Il catechismo della Chiesa Cattolica al n. 2272 stabilisce che commettono colpa grave anche le persone che cooperano attivamente all’aborto. E questi sono: i medici, gli infermieri, ma anche  i genitori, il fidanzato o il marito che inducono la donna ad abortire. Tutti costoro incorrono parimenti nella scomunica latae sentetiae.

E’ bene ricordare che anche quei figli concepiti  e non desiderati, il Signore li ha chiamati per nome. Non ha chiamato per nome solo Giovanni Battista ma anche ciascuno di noi e questo dovrebbe farci riflettere.

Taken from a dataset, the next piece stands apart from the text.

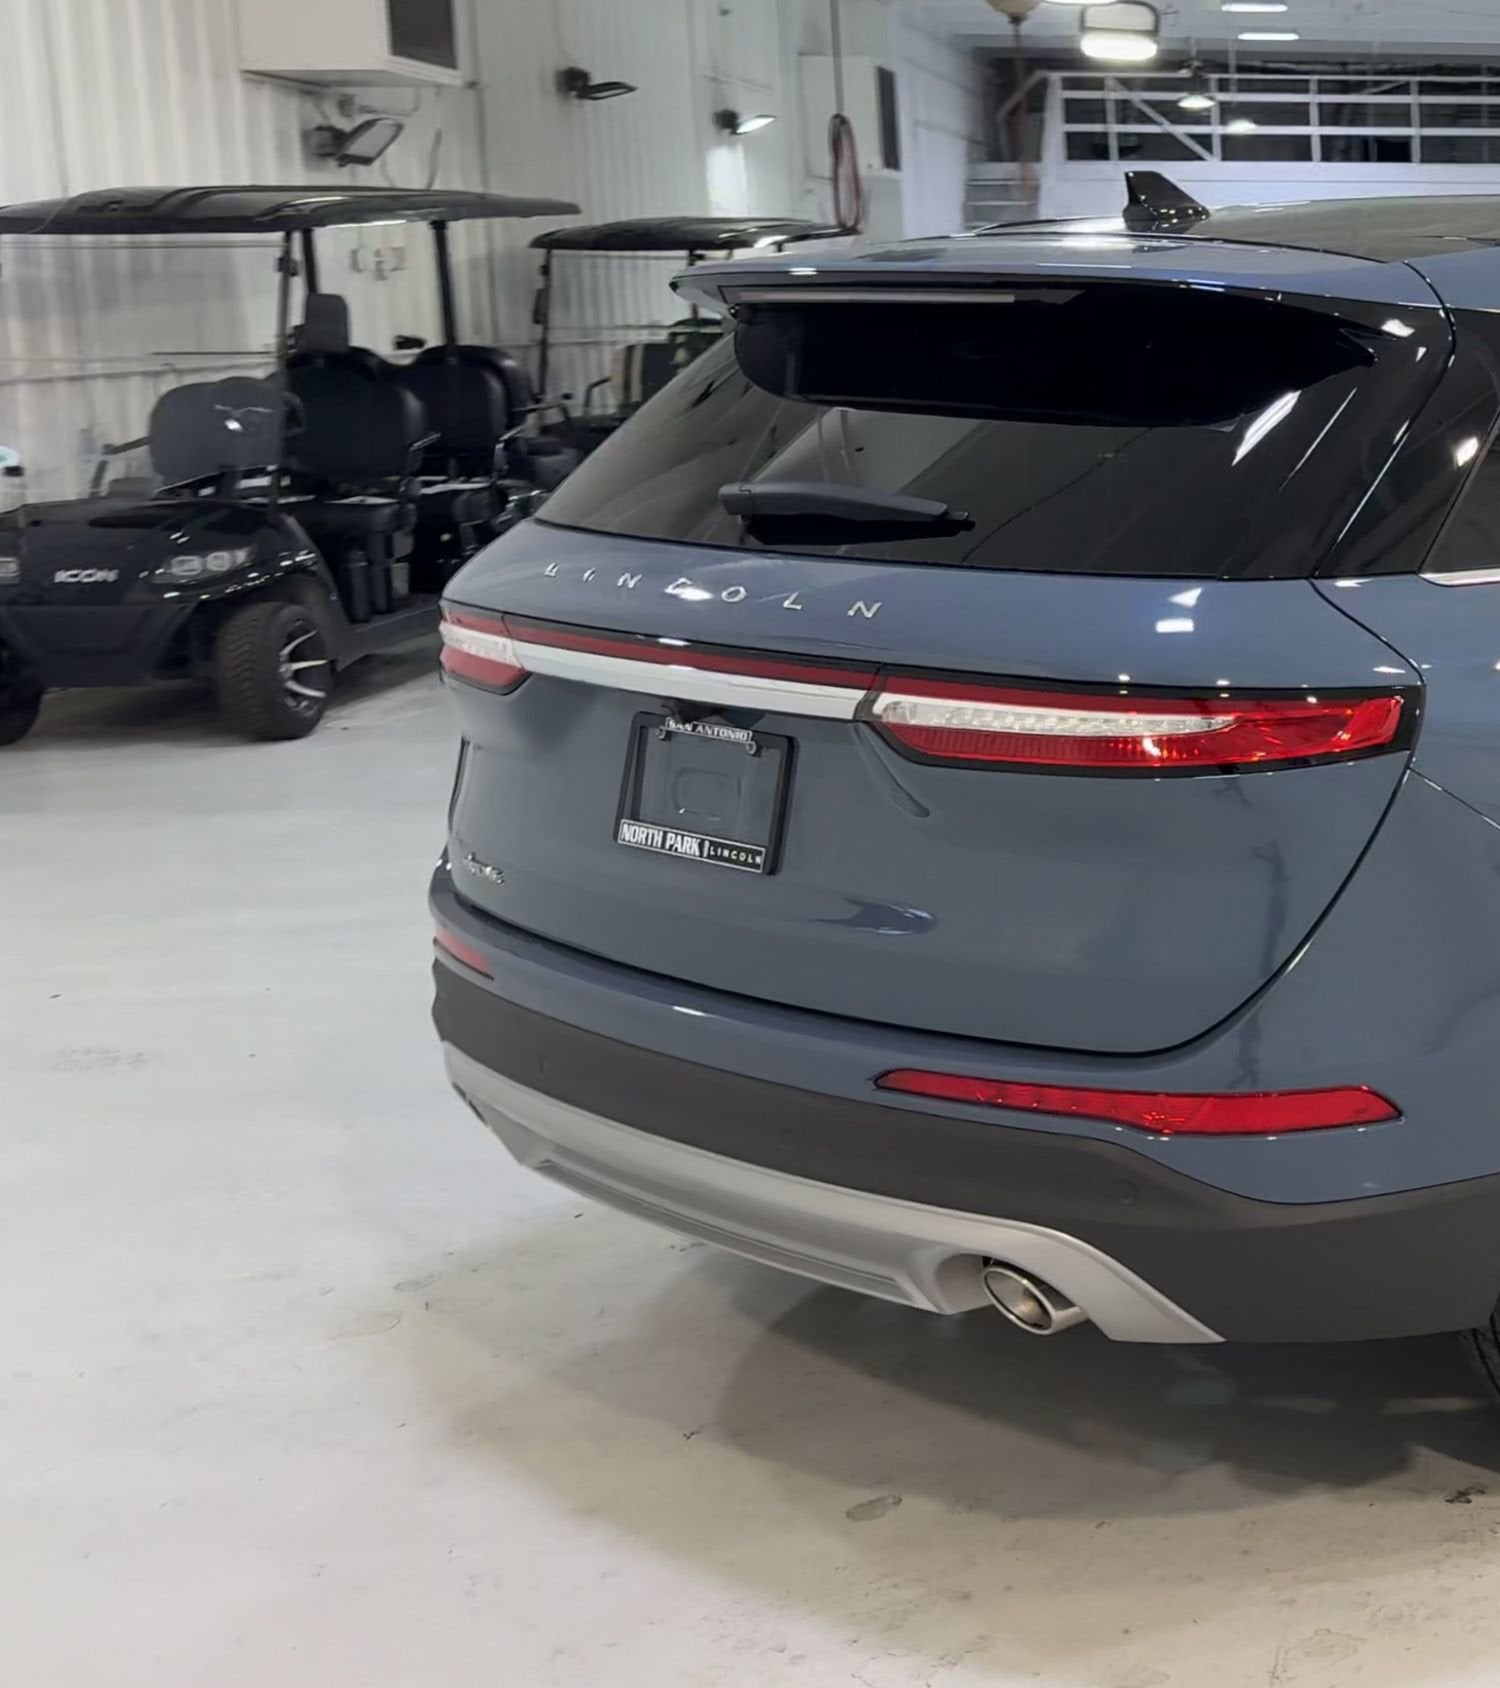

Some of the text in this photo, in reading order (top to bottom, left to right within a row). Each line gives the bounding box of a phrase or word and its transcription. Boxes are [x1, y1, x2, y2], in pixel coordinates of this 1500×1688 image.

[54, 568, 119, 584] ICON
[695, 724, 748, 741] ANTONIO
[620, 823, 762, 864] NORTH PARK LINCOLN

Oltre al dono della vita il Signore ci ha donato la chiamata alla grazia, la figliolanza divina nel Figlio come scritto in Efesini 1,4.

3. Infine,dal punto di vista teologico si auspica che il Magistero, all’interno del fermento ormai in atto da anni  sul tema aborto, possa assumere , sotto l’impulso dello Spirito santo, un  pronunciamento in via definitiva sulla sorte dei feti abortiti, che noi vogliamo ritenere tra le braccia del Padre, che li ha chiamati alla vita e li ha amati sin dall’eternità ( Gr 1,5-Is 49,1-Is 43,1).

In sede di stesura della mia tesi in diritto Canonico[3] mi posi il problema, nel contesto dell’analisi sull’estensione del concetto di martirio,  se i feti abortiti potessero essere considerati martiri.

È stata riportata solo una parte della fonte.